Why I feel not lucky to work from home with chronic illness
Since the middle of March, I have not been able to access the building I work in. Instead and like so many others, I started to complete all my work from home. For the first weeks it felt like a dream come true. Before the pandemic started, I regularly had to compromise: looking after my symptoms or pushing through the pain to meet work commitments? When the pandemic hit, I was able to strike a balance between the two overnight. Many people I have spoken to over the past weeks said that I was lucky to still work from home with a high chance of not returning to the office on a full-time basis for months to come. I do not feel lucky at all!
You may wonder why? Or maybe you have experienced a similar dilemma and agree with my statement? Let me explain. I worked in Finance at two different Universities in the United Kingdom before starting my role as a researcher last year. Nobody had thought of a pandemic in those years and I was regularly fighting with my workplaces to work from home. My first workplace tried to make things easier for me after seeing how hard I worked and in what medical state I would get into the office in the mornings. Usually, they would try to send me home to take a day of sick leave. I would protest and would tell them that I could not take sick leave several times a month. I would also argue that my brain was functioning and was up to the job. The truth is I would already be mentally and physically exhausted after the commute and knew that I could not do the same journey back again so soon. I found comfort in the fact that the office had plenty of bathrooms in the case I needed it urgently. And there were many instances where indeed I needed it urgently. After a few months, HR recognised the benefit for me to work from home ones or twice a week. Here is the thing, many people think that working from home means not completing any work at all. Organisations want to ensure they are only allowing their hard-working employees to work remotely.

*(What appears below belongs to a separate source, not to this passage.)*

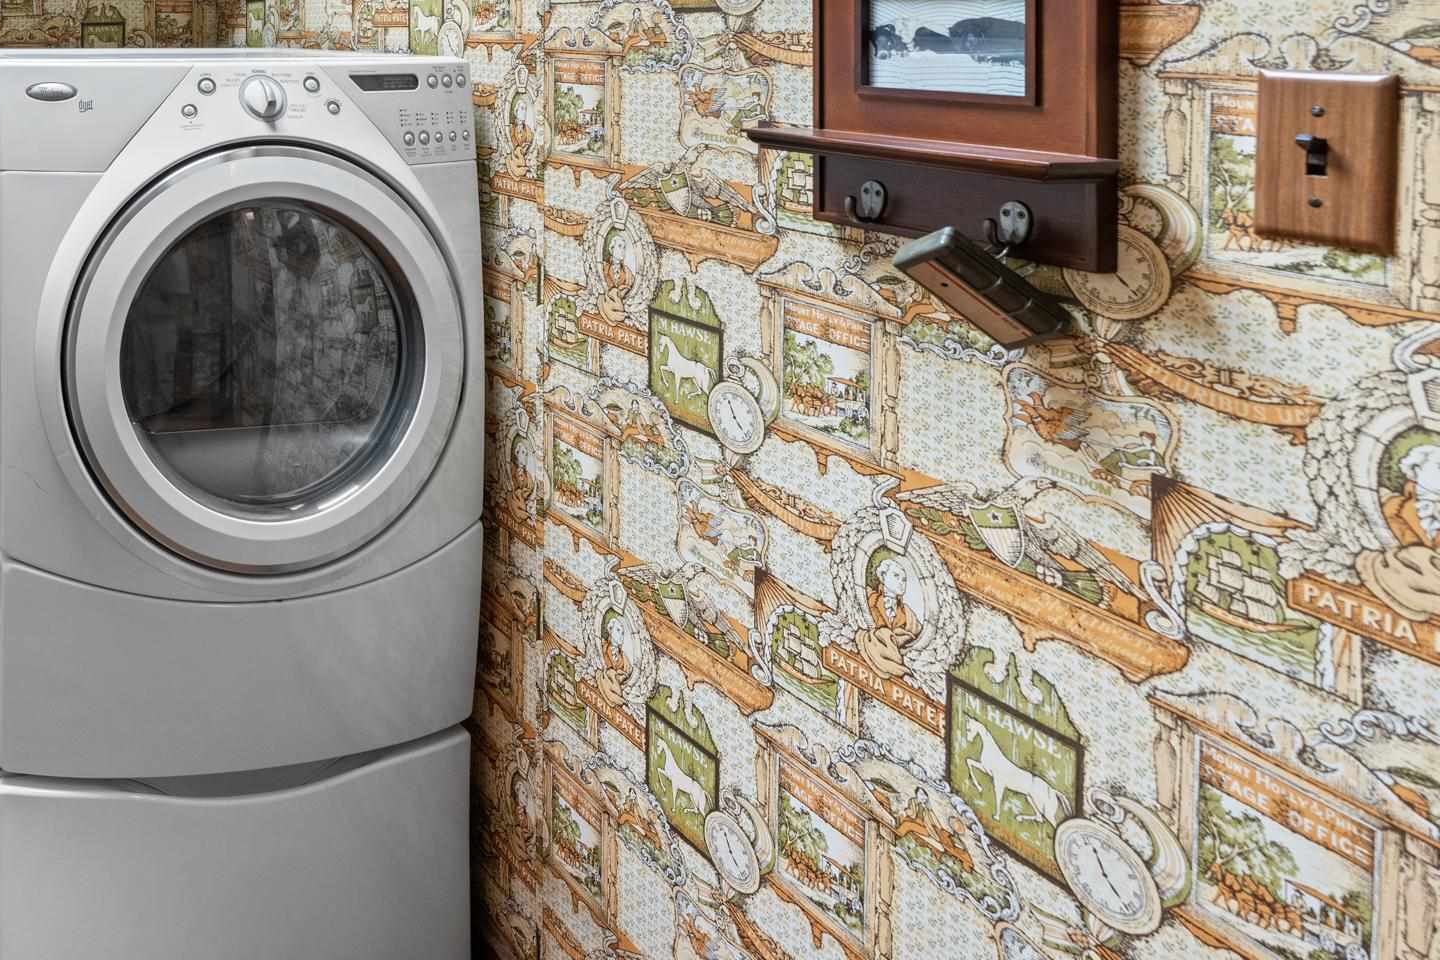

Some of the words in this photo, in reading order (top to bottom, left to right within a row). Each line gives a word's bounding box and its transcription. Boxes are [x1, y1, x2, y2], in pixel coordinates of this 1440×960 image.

To this day I have not understood this logic. In my job someone would figure out within a day if I was home without doing work. Despite this fact and after a job change, my employer was not happy for me to work remotely at all. After more than a year we settled on regularly scheduled unpaid leave. The pandemic has changed all this. My new employee has no problem for me to work from home although there is still a big question mark what happens once students return to campus and I am expected to pick up my teaching responsibilities. But at the moment, it is the complete opposite; I can work from home five days a week- no questions asked! Many friends and colleagues say I am lucky but this is not what I was fighting for. There is no need for a universal 5 day, 220 days a year remotely working policy. As many of us with #ChronicIllness, I try to balance full time work commitments and the demands of a body that has more limits than the healthy population. The flexibility to work from home now and then gives me the peace that I can still be productive if my body cannot cope. Being forced to spend my full-time job in my kitchen each day, every day is as exclusionary as demanding me to come into the office every day. I am wondering how to tackle this new ground but I am definitely up for the challenge.